ChatGraph: Interpretable Text Classification by Converting ChatGPT Knowledge to Graphs
This work addresses the problem of inflexibility and lack of interpretability in ChatGPT for text classification, offering a more transparent method for NLP practitioners, though it is incremental as it builds on existing LLM and graph-based approaches.
The paper tackles the limitations of ChatGPT in text classification by proposing a framework that extracts knowledge from ChatGPT to build graphs, which are then used to train an interpretable linear classifier, resulting in significant performance improvements over directly using ChatGPT on four datasets.

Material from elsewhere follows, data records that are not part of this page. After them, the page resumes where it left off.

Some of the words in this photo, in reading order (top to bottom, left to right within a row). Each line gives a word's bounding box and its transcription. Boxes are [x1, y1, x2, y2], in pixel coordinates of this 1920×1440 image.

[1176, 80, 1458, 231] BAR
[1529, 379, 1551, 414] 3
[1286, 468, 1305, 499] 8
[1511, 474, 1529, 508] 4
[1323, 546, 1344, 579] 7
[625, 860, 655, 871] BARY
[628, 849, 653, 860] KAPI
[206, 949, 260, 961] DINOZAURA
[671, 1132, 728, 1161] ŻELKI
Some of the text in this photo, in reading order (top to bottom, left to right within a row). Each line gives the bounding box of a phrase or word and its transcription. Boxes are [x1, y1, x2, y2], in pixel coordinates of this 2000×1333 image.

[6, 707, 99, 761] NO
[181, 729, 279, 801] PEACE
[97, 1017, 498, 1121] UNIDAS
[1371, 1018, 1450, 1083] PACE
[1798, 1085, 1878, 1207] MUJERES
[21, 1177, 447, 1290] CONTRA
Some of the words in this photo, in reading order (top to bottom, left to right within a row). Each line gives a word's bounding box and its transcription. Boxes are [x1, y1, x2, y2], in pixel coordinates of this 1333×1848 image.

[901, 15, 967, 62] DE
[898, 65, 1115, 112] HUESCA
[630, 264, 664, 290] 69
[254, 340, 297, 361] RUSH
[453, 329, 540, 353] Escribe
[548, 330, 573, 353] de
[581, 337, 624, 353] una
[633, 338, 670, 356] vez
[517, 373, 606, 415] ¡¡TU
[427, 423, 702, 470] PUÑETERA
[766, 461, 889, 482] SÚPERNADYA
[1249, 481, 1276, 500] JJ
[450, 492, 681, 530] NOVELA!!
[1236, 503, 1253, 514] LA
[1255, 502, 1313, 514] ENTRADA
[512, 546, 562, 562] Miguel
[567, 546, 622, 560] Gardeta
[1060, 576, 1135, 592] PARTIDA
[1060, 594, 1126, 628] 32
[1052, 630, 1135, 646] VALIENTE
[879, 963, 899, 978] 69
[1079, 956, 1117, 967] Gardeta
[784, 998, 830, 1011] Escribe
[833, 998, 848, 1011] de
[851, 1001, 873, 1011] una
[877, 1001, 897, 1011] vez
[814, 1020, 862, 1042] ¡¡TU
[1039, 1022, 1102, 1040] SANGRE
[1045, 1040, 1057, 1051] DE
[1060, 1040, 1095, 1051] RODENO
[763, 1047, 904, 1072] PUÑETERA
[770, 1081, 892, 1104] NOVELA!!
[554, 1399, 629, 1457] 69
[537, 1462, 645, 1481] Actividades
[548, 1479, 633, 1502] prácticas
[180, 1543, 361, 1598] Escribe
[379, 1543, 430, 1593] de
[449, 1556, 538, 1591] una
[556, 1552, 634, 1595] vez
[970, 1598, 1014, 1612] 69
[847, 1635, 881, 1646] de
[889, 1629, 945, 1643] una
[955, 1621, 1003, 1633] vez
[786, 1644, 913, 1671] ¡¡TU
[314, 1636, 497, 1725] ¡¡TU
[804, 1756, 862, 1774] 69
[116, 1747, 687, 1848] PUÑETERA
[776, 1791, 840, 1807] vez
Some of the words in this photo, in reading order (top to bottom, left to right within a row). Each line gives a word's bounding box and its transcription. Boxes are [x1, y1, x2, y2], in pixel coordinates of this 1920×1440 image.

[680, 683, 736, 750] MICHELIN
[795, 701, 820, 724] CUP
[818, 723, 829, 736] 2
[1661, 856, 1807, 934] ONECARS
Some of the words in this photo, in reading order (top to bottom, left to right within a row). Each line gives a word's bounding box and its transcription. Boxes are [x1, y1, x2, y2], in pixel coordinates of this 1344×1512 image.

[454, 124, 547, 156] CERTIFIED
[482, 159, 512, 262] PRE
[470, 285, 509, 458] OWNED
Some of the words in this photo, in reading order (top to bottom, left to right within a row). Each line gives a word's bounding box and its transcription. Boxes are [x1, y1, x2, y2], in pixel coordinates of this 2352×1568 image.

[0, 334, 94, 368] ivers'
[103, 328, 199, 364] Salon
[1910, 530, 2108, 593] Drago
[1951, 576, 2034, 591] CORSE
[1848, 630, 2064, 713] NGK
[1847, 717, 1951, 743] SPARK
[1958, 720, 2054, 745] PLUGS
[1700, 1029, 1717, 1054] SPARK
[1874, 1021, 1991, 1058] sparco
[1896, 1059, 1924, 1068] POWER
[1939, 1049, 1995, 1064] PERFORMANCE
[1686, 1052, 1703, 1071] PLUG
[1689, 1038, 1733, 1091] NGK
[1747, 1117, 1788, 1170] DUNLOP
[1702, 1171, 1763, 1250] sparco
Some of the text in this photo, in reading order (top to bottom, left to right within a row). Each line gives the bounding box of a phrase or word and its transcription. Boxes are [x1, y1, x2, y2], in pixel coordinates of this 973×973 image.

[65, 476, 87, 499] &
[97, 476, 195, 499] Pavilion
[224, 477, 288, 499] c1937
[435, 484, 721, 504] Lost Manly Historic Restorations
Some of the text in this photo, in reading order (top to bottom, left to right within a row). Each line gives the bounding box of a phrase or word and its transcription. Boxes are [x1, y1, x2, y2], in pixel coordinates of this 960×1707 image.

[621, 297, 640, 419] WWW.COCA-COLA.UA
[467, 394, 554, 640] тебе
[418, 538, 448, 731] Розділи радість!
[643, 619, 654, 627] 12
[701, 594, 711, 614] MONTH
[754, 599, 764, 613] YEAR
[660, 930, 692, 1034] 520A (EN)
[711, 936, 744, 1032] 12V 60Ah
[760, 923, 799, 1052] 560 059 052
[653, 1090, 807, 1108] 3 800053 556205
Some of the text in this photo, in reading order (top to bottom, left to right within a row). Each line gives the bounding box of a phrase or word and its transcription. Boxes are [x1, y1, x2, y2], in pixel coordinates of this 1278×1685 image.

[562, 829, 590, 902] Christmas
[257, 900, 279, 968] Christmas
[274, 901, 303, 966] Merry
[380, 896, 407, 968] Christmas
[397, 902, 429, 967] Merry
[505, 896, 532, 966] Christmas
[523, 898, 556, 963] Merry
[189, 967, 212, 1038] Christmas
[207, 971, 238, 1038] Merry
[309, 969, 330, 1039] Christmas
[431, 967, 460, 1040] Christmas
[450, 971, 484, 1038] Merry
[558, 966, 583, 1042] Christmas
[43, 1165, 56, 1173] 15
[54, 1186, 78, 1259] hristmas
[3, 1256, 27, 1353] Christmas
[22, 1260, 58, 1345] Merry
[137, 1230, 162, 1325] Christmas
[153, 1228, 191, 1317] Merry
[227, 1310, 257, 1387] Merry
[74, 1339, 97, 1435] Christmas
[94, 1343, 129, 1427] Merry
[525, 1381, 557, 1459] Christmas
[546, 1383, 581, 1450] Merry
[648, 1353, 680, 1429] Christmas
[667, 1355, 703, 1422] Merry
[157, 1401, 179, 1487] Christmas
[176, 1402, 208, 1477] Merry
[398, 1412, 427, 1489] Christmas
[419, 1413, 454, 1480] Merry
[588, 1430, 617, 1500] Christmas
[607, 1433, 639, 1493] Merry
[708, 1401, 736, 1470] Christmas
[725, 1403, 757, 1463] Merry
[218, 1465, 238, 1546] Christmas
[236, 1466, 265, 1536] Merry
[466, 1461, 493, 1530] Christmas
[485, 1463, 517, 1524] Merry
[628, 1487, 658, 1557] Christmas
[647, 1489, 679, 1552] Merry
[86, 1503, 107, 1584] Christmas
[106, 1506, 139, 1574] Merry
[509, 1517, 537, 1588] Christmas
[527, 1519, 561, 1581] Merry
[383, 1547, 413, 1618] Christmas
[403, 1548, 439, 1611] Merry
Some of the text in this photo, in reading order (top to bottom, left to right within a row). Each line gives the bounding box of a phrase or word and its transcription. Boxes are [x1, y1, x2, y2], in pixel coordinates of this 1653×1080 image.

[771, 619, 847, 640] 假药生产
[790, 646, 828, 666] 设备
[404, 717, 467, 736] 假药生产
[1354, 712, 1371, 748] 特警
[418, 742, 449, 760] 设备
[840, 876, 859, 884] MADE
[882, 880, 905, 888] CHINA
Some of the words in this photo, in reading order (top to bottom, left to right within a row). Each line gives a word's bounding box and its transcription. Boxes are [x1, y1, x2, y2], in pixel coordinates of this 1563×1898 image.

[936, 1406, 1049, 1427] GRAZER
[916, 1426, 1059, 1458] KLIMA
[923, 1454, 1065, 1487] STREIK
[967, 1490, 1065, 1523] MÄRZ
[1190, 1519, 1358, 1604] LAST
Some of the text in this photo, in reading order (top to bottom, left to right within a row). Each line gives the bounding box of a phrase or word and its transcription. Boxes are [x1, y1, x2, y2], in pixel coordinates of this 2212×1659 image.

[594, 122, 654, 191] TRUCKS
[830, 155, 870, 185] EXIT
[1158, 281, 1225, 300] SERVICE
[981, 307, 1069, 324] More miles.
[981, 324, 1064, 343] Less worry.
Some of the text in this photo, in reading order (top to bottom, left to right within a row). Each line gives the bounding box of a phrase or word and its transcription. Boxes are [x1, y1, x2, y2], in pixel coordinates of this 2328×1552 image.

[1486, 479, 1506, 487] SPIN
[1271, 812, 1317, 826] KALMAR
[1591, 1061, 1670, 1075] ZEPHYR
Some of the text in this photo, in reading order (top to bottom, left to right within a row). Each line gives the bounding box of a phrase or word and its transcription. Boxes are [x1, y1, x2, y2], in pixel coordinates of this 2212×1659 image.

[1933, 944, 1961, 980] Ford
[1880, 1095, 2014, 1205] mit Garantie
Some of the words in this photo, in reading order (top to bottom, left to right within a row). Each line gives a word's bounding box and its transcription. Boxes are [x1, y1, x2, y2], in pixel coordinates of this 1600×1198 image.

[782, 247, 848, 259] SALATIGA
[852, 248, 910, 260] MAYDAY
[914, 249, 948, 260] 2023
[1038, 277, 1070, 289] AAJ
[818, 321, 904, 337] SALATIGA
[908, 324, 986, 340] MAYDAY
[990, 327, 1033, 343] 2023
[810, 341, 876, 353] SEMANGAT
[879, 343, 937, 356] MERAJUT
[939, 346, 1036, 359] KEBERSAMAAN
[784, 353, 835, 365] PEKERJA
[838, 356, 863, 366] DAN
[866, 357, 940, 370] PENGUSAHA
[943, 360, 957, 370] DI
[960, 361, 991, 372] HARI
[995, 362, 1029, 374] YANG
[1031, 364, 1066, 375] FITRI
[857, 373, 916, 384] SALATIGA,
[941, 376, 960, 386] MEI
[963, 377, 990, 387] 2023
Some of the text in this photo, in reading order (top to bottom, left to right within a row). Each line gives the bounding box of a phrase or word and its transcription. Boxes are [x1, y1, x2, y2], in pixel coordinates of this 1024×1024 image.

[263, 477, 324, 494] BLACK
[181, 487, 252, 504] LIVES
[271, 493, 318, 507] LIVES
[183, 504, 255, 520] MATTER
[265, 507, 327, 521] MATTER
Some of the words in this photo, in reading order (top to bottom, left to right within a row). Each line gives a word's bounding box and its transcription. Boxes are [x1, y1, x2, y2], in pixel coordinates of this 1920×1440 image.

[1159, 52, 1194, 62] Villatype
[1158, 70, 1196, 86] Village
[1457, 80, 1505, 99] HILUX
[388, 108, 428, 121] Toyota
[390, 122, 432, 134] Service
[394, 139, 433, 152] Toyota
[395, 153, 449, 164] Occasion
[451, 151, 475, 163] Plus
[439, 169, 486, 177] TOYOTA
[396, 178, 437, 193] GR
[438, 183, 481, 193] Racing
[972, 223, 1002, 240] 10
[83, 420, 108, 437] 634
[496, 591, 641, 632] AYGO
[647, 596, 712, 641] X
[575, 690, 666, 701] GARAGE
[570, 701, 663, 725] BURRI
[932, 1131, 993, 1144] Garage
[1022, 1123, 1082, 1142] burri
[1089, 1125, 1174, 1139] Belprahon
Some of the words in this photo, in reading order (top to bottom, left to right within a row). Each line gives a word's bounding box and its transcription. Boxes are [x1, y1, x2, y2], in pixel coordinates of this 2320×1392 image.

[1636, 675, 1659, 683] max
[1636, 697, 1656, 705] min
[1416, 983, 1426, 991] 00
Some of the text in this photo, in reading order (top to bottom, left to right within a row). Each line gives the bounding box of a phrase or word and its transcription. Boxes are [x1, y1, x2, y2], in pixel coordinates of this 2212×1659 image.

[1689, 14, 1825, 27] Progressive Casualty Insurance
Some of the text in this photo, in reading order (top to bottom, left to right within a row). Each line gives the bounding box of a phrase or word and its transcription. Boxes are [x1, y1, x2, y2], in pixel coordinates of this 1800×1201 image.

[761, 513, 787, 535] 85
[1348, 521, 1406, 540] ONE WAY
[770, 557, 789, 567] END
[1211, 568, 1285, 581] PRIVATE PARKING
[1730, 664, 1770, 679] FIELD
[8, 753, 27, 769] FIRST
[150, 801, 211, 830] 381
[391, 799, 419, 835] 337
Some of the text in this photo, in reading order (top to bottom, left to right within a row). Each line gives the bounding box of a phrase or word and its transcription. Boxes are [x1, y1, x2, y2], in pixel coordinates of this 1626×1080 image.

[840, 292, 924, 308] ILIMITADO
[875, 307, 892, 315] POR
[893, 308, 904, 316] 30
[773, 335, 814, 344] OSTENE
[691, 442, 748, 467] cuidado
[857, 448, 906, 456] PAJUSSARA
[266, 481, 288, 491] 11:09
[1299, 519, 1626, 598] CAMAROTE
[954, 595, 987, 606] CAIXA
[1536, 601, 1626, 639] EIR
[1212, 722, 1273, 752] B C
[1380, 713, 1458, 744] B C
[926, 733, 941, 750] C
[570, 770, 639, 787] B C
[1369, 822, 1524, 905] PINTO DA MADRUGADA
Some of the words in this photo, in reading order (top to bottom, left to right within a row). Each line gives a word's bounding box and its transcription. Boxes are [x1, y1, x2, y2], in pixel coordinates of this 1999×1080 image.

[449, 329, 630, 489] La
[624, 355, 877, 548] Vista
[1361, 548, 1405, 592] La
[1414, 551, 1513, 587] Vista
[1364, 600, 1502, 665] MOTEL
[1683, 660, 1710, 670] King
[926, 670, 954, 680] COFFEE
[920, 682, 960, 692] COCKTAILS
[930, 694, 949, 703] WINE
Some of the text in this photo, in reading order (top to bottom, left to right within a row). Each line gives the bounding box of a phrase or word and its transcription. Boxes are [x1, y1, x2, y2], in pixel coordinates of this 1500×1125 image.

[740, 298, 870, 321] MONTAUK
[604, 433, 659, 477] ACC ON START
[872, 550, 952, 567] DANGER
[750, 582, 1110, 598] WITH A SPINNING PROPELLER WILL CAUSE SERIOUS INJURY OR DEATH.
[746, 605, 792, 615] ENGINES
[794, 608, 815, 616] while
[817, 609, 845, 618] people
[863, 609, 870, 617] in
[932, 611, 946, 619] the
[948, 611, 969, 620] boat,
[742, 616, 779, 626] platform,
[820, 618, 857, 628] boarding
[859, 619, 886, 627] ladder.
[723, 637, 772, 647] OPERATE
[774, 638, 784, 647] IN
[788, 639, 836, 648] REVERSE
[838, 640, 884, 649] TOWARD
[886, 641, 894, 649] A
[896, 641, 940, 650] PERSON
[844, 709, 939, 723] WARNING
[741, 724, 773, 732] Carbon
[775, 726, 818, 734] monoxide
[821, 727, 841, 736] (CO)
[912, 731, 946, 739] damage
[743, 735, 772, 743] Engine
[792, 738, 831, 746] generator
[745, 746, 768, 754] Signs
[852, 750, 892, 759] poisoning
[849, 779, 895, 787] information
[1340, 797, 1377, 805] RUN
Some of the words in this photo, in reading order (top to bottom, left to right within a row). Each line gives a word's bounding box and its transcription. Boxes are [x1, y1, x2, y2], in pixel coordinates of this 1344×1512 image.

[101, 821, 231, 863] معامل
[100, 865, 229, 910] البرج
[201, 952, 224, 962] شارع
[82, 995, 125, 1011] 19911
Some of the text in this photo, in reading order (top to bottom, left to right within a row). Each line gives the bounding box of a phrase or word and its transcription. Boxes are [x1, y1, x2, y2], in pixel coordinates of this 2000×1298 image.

ChatGPT, as a recently launched large language model (LLM), has shown superior performance in various natural language processing (NLP) tasks. However, two major limitations hinder its potential applications: (1) the inflexibility of finetuning on downstream tasks and (2) the lack of interpretability in the decision-making process. To tackle these limitations, we propose a novel framework that leverages the power of ChatGPT for specific tasks, such as text classification, while improving its interpretability. The proposed framework conducts a knowledge graph extraction task to extract refined and structural knowledge from the raw data using ChatGPT. The rich knowledge is then converted into a graph, which is further used to train an interpretable linear classifier to make predictions. To evaluate the effectiveness of our proposed method, we conduct experiments on four datasets. The result shows that our method can significantly improve the performance compared to directly utilizing ChatGPT for text classification tasks. And our method provides a more transparent decision-making process compared with previous text classification methods.